According to a genetic study, the egg-laying monotreme subclass of mammals might have diverged from mammals that give birth to live young, called therians, about 187 million years ago, when Australia was located near the south pole as a part of the supercontinent Gondwana.
But when it comes to understanding how modern species evolved, how many kinds of monotremes there were over history, and why most died out, the fossil record is sparse.
So far, 16 extinct monotremes have been found from dig sites in Australia, and two from Argentina.
Now that six species have been found in the same place from the same time period in Lightning Ridge, Professor Flannery and his colleagues believe there is credence in the monotreme radiation theory.
"The discovery really has revealed a very fundamental fact about Australia, which was that during the late Cretaceous, Australia was a land of monotremes with a very diverse group of monotremes existing there," he said.
Professor Flannery said the new species were just the beginning of the radiation story, and each new specimen found would help fill the picture of what Australia was like during what he called an "age of monotremes".
But Flinders University palaeontologist Rod Wells, who was not part of the study, does not think there is enough evidence yet to declare an age of monotremes in Australia.
"These findings are quite interesting and suggest the possibility of a monotreme radiation in Gondwana," he said.
"It may have been at least as diverse as the later Australian marsupial fauna ... but I would need more evidence.
"Although that is going to be hard to come by in Australia. Perhaps sub-Antarctic Islands or South America will yield the older fossil-bearing sediments."
Professor Wells said he hoped the Lightning Ridge discoveries would spur more exploration of less traditional environments for fossils to piece together the monotreme story.
One of the most glaring unanswered questions is what happened to monotremes between 60 and 26 million years ago, a period from which no monotreme fossils have yet been found.

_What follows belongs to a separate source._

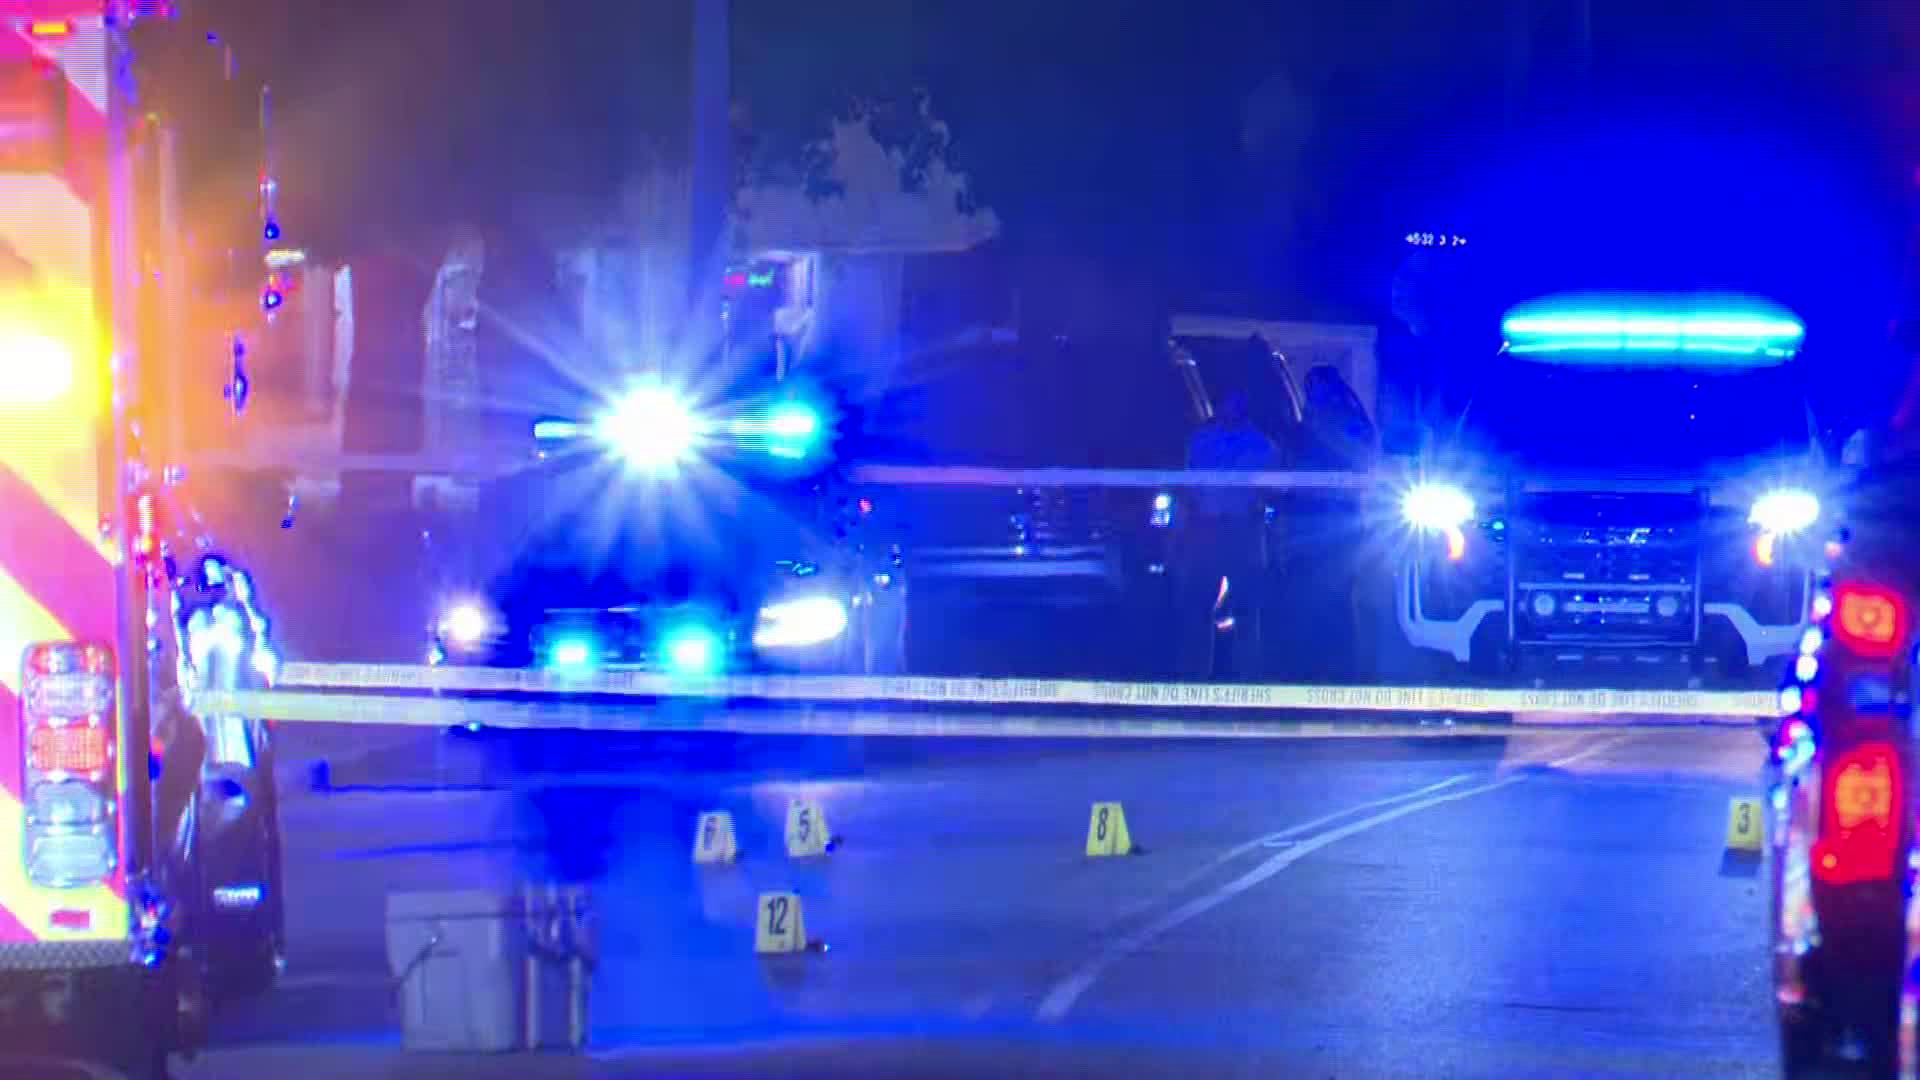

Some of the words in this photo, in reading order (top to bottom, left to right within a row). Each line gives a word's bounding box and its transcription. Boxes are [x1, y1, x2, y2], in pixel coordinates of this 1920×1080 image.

Whether large monotremes survived the last mass extinction 66 million years ago, and how species diversity might have changed with the rise of the marsupials, is still a mystery.
But with Lightning Ridge confirmed as a monotreme hub, Australian Opal Centre palaeontologist Elizabeth Smith hopes to see more targeted digs in the region.
"There's certainly fossil ground that's very prospective and needs to be looked at," Dr Smith said.
"It's something we've been considering for a very long time, but it's a matter of funding."